Arif berdiri di tengah ruangan, menyapu pandang kekacauan di sekitarnya. Ini pasti ulah Reza. Arif geram bukan main. Namun, jangan sampai juga emosi membuatnya hilang kendali. Butuh pertimbangan matang-matang untuk menghadapi orang seperti Reza.

Dengan sabar, Arif mulai membersihkan kekacauan itu. Dia merapikan kembali meja, menyapu pecahan kaca, dan mengembalikan peralatan medis yang masih bisa diselamatkan. Pasien akan segera datang. Klinik ini harus tetap berjalan, apa pun yang terjadi.

Beberapa saat kemudian, pasien pertama yang datang hari ini tampak kaget melihat kondisi klinik yang masih berantakan.

"Ini kenapa, Dok?" tanyanya sambil menyapukan pandangan.

"Nggak apa-apa, Pak." Arif tersenyum, tidak ingin membuat pasiennya khawatir. "Cuma kekacauan kecil."

Bapak itu malah berkata, "Ini pasti ulah Reza, kan? Saya dengar dari beberapa orang di pasar. Katanya, kemarin Reza dan anak buahnya ke sini."

Arif mendekat dan tersenyum lagi. "Tapi ini bukan masalah besar, kok, Pak. Masih bisa saya tangani."

"Pokoknya, kalau Dokter butuh bantuan, jangan sungkan. Warga pasti siap membantu. Soalnya Dokter juga sudah mengatasi keluhan-keluhan kami dengan bayaran seikhlasnya. Zaman sekarang sangat jarang orang berhati mulia seperti Nak Dokter ini."

Senyum Arif makin lebar. Hatinya menghangat. Setidaknya dia tidak sendirian di sini.

Arif menepuk bahu bapak itu dengan lembut. "Terima kasih, Pak."

---

Malamnya, Arif beres-beres sebelum tutup. Kejadian hari ini membuatnya teringat lagi dengan rencana awalnya. Tadinya dia ingin membangun klinik yang sekaligus bisa untuk ditinggali.
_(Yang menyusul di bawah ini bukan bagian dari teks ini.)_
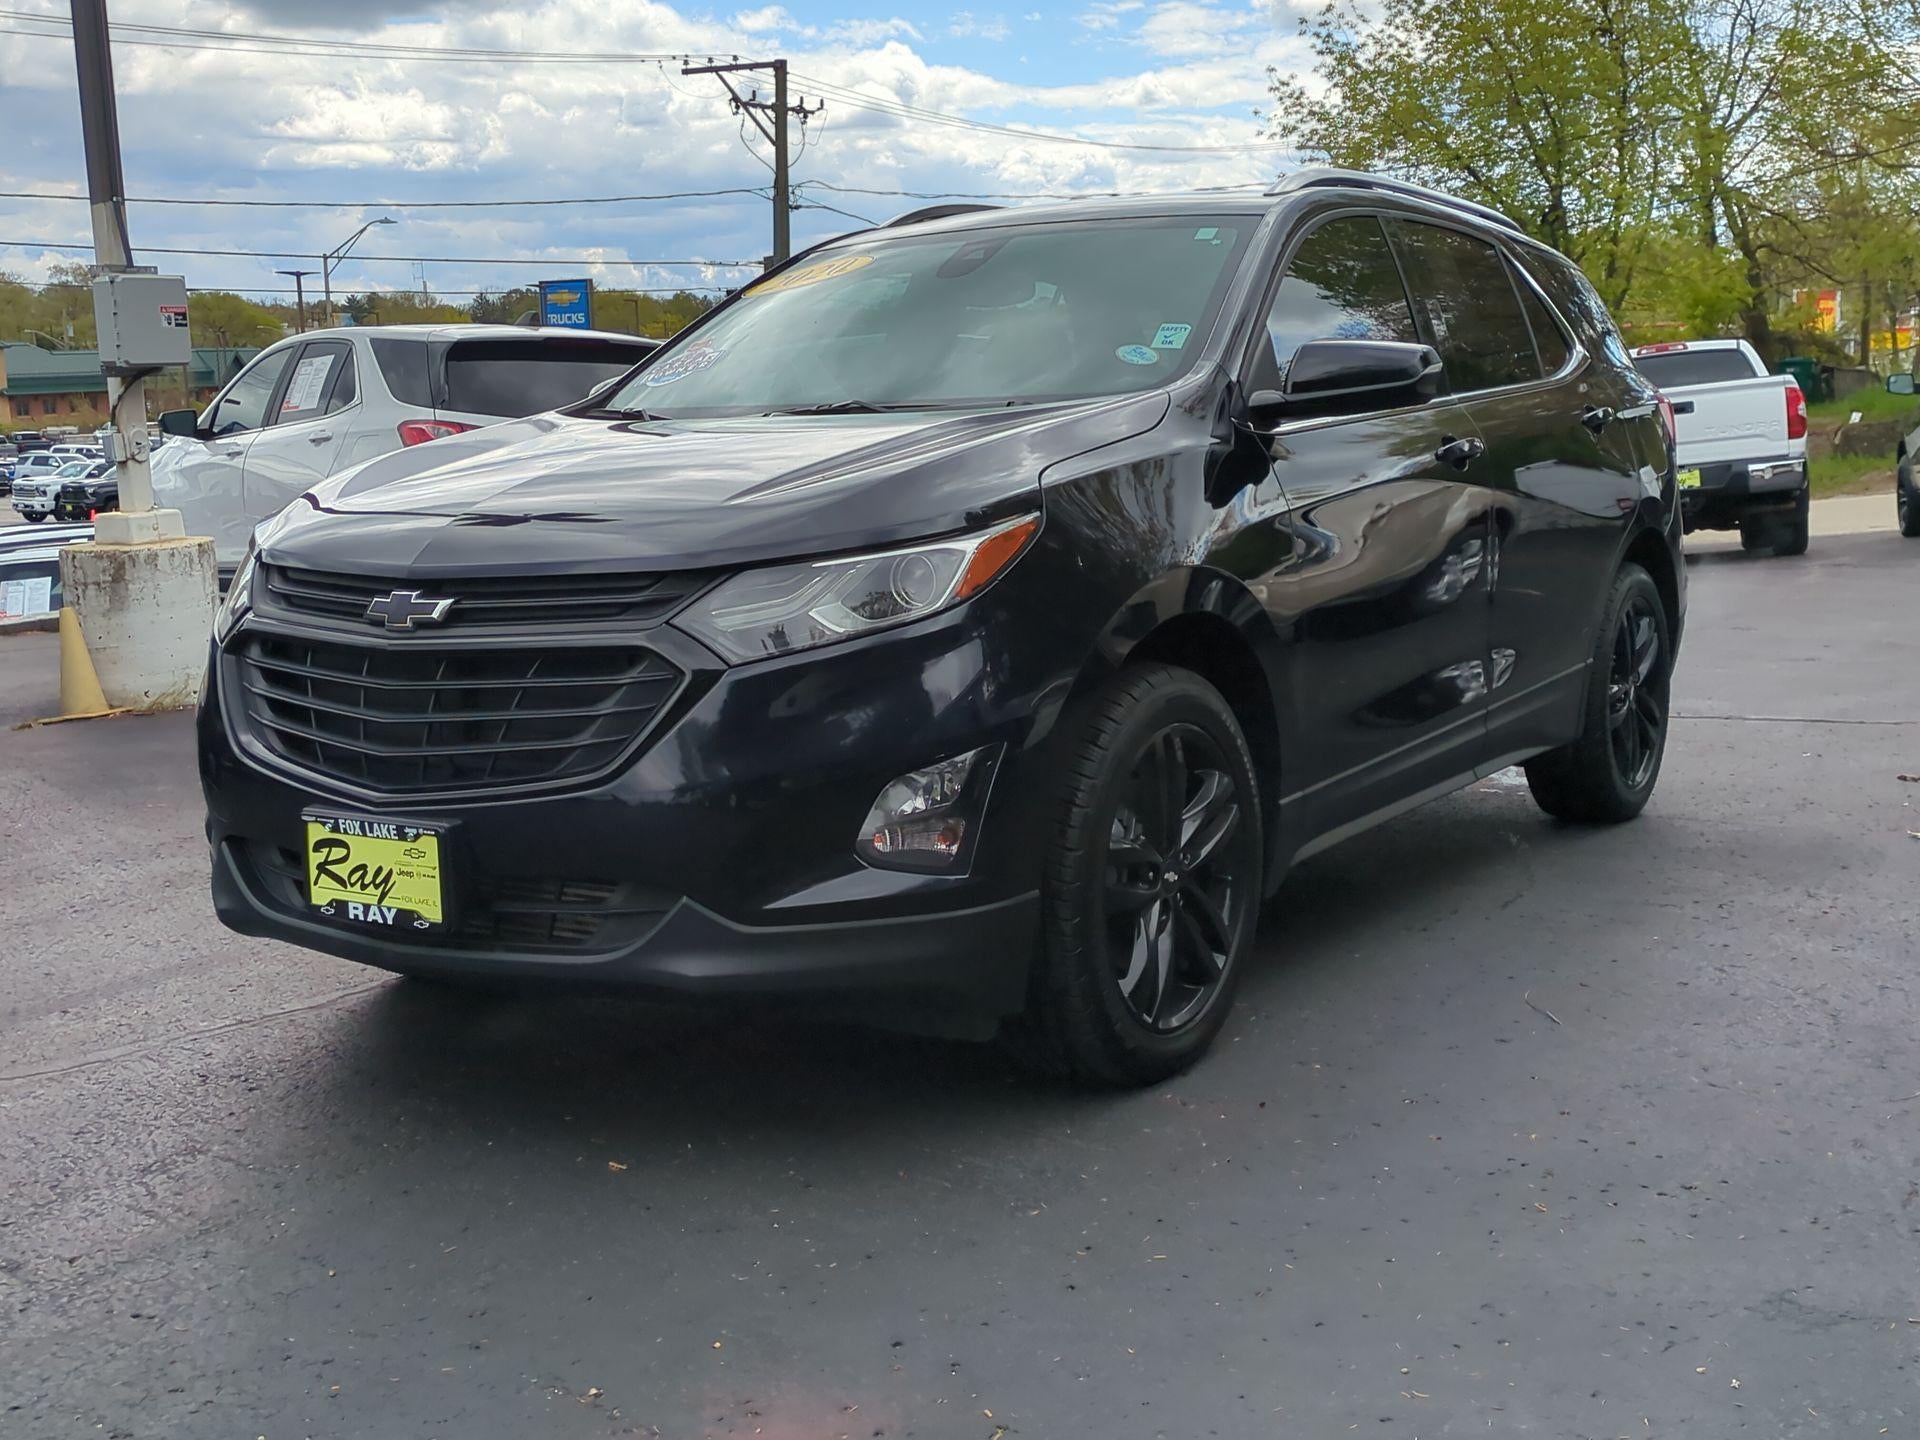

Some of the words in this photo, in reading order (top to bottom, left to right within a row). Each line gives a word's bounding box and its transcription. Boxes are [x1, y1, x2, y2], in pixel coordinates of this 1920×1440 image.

[547, 312, 585, 324] TRUCKS
[1160, 325, 1189, 333] SAFETY
[338, 818, 362, 836] FOX
[364, 821, 399, 840] LAKE
[312, 837, 396, 905] Ray
[396, 867, 415, 879] Jeep
[348, 901, 398, 925] RAY
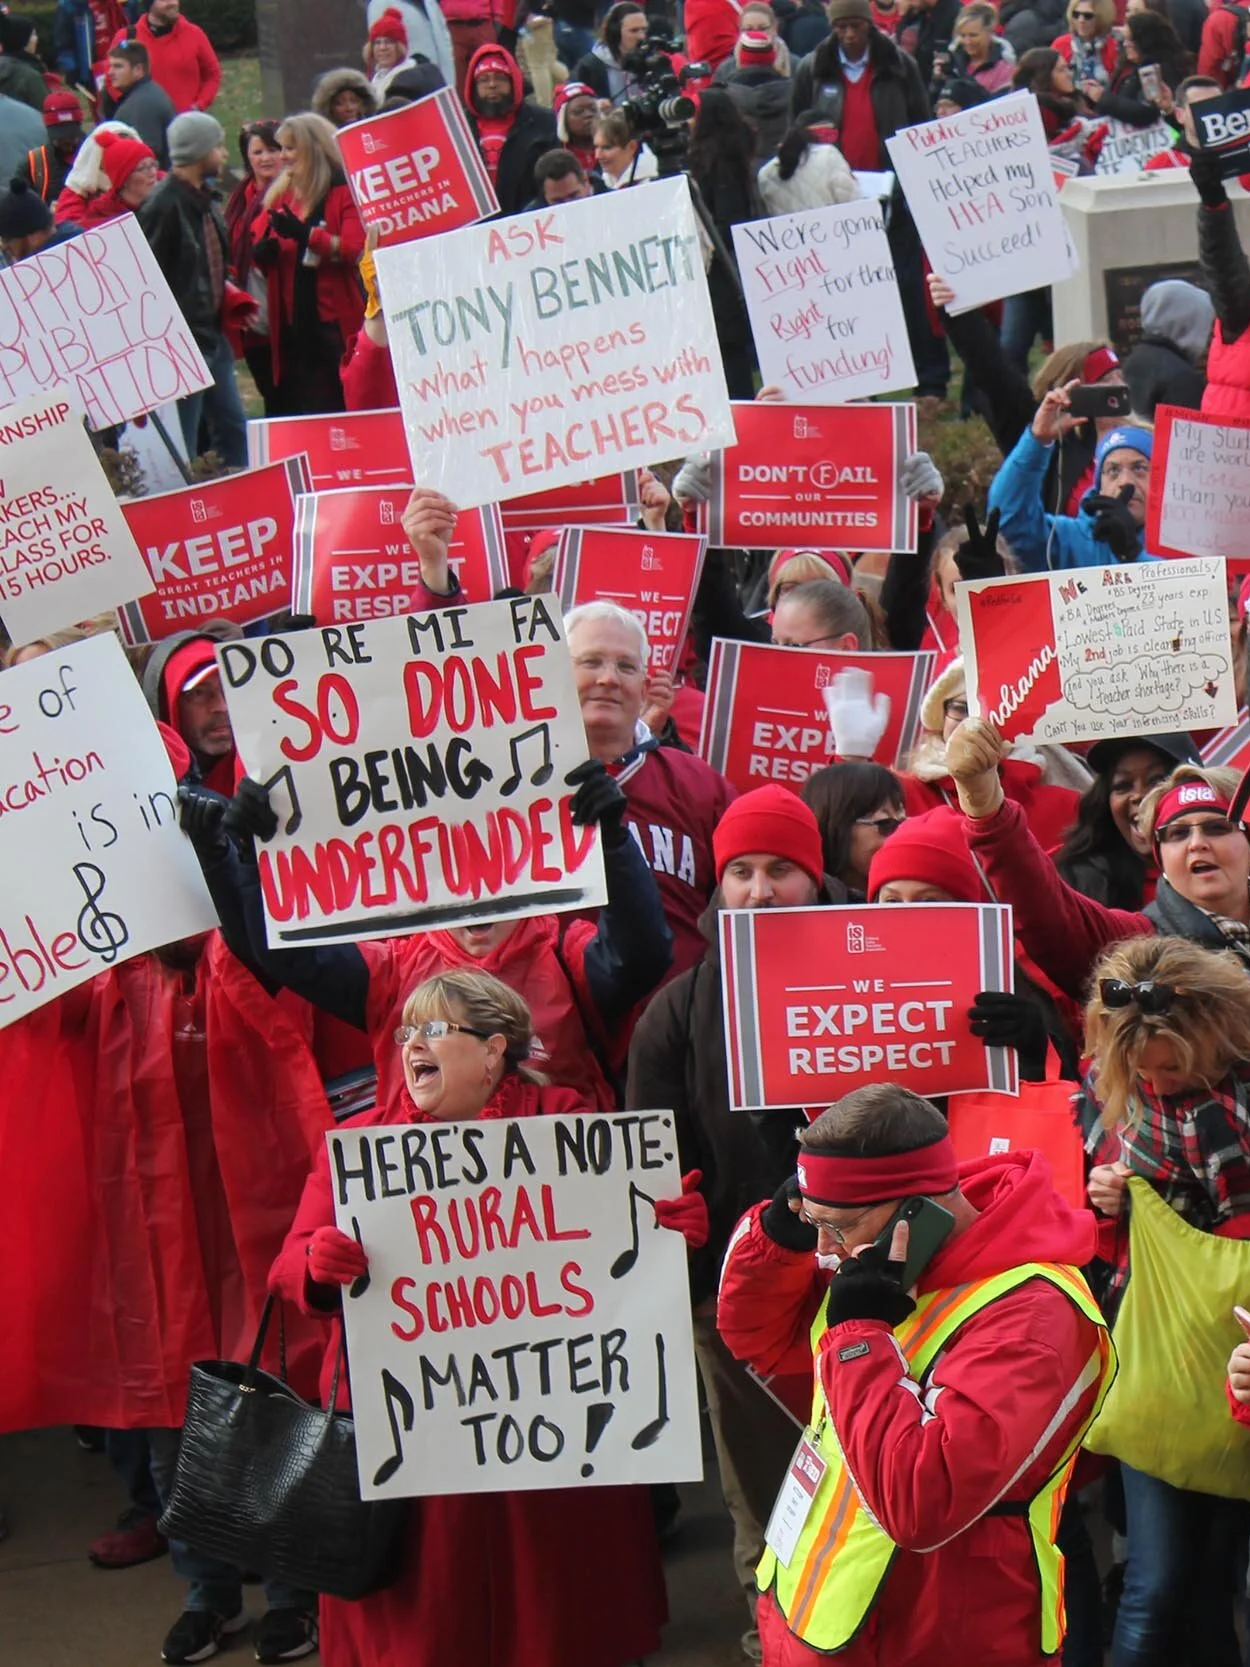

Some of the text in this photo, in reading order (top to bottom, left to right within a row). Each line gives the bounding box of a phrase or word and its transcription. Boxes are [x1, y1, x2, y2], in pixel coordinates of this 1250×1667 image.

[1004, 162, 1036, 190] my
[487, 214, 564, 264] ASK
[392, 234, 697, 369] TONY BENNETT
[819, 275, 853, 295] for
[825, 315, 858, 340] for
[409, 321, 647, 403] what happens
[418, 346, 712, 443] when you mess with
[480, 393, 708, 484] TEACHERS
[1174, 421, 1202, 449] My
[738, 465, 808, 482] DON'T
[1180, 447, 1206, 463] are
[336, 468, 362, 481] WE
[54, 497, 90, 527] MY
[795, 493, 821, 501] OUR
[1172, 482, 1216, 508] than
[58, 518, 108, 550] FOR
[738, 511, 878, 527] COMMUNITIES
[25, 544, 112, 590] HOURS.
[146, 516, 277, 583] KEEP
[385, 545, 411, 555] WE
[158, 555, 283, 596] GREAT TEACHERS IN
[160, 569, 287, 619] INDIANA
[640, 591, 659, 603] WE
[1157, 591, 1184, 609] years
[1189, 588, 1209, 600] exp
[220, 596, 561, 688] DO RE MI FA
[1063, 622, 1113, 649] Lowest
[1153, 611, 1185, 633] State
[1084, 647, 1107, 662] 2nd
[38, 665, 78, 717] of
[272, 644, 558, 762] SO DONE
[329, 736, 494, 827] BEING
[72, 803, 118, 851] is
[258, 793, 597, 922] UNDERFUNDED
[852, 979, 885, 993] WE
[785, 1000, 953, 1038] EXPECT
[788, 1040, 957, 1076] RESPECT
[332, 1115, 674, 1205] HERE'S A NOTE:
[410, 1184, 592, 1265] RURAL
[390, 1261, 594, 1342] SCHOOLS
[419, 1328, 630, 1410] MATTER
Sayangnya, tanah di dekat jembatan yang berhasil dia dapatkan ini berkat bantuan kerabat ayahnya, tidak cukup untuk desain yang sudah dia pikirkan. Sebagai gantinya, untuk sementara dia pun mengontrak sebuah rumah yang tidak begitu jauh dari klinik. Masih aman ditempuh dengan berjalan kaki. Memang lebih praktis begitu, karena jalannya sempit.

Arif berjalan pulang dengan pikiran yang dipenuhi kecemasan. Sampai detik ini dia tidak kepikiran untuk menyerah. Namun, bagaimana jika Reza nekat bertindak lebih jauh?

Setibanya di rumah, Arif tidak langsung masuk karena sesuatu menahannya. Di depan pintu tergeletak selembar kertas yang ditindih dengan batu. Perasaan Arif seketika tidak enak. Dia pun memungut kertas itu, yang ternyata berisi ancaman bertulis tangan awut-awutan.

Jangan keras kepala.
Atau Klinik itu akan hancur!

Arif meremas kertas itu, amarah membuncah dalam dirinya. Reza tidak bisa dibiarkan. Namun, di sisi lain dia juga khawatir segalanya jadi makin kacau kalau salah mengambil tindakan.

Kepala Arif mendadak terasa berat. Padahal dia ke sini dengan niat yang baik. Kenapa harus berurusan dengan preman desa segala?